Message par BluePhoenix05 »

Lee a écrit : Par contre, je me demande si les enfants peuvent exprimer toujours autant de ferveur sans avoir vécu autant dans la vie. Tu te souviens la jeune adolescent qui jouait avec nonchalance ?
C'est un autre débat, qui peut être très intéressant. Je n'ai pas l'impression d'avoir beaucoup vécu non plus, mais dans l'art, ou quand tu as de la musique en toi, tu peux ressentir/exprimer des émotions fortes qui ne te sont peut-être jamais arrivées. C'est pourquoi j'ai un peu de mal (ou peut-être que je ne comprends tout simplement pas ce qu'ils veulent dire) lorsque j'entends certains critiques musicaux reprocher un "manque de maturité" dans l'expressivité de quelqu'un, etc. (héhé, comme s'il fallait être pressé de vieillir pour mieux jouer :mrgreen: )

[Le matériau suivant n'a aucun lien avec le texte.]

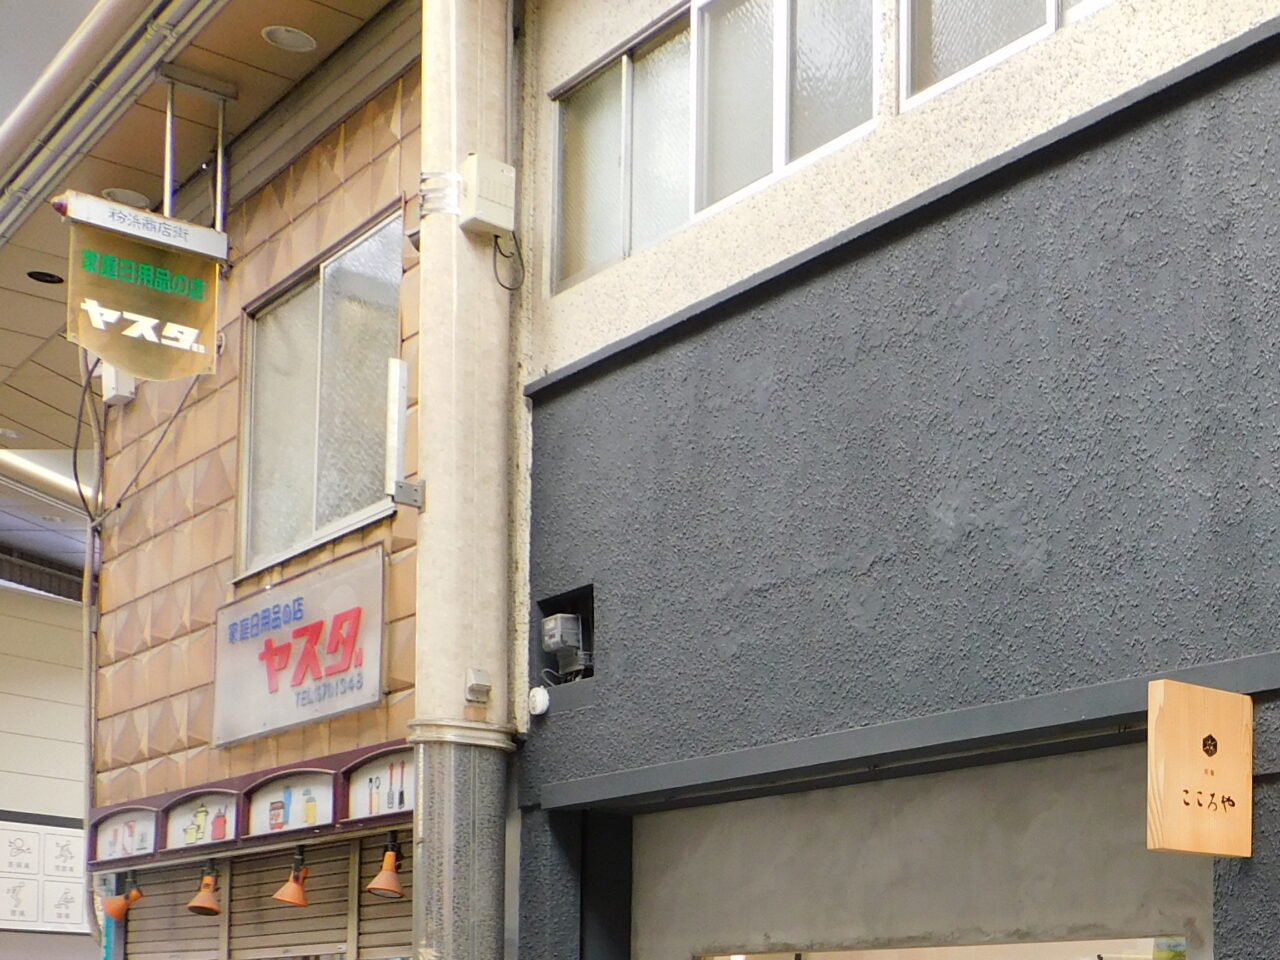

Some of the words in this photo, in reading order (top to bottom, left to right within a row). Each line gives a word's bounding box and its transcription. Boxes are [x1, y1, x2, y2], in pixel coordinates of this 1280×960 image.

Lee a écrit :Je ne pense pas que ça te met mal à l'aise ?
Si un peu quand même, quand tu essaies de défendre quelque chose dont tu n'es pas convaincu ; ou pour lequel tu ressens un certain rejet. C'est comme essayer de jouer une oeuvre joyeuse alors que tu n'es pas du tout d'humeur ce jour-là. C'est vrai qu'en musique, on peut arriver à se dissocier de ce qu'on joue (comme un acteur qui ne ressent pas "vraiment" ce qu'il exprime, bref je ne sais plus comment ça s'appelle, le paradoxe du comédien ?). On peut peut-être continuer à développer cet aspect.

Par exemple, j'ai aussi du mal à adhérer aux interprétations "mystiques" (dont je me passe bien) de la musique de Scriabine . Personnellement je peux percevoir dans sa musique selon les oeuvres un côté nébuleux, terrifié/terrifiant, introspectif/introverti, pensif, de la noirceur, etc. Quand on joue de façon trop "mystique", j'ai l'impression que ça devient du charabia.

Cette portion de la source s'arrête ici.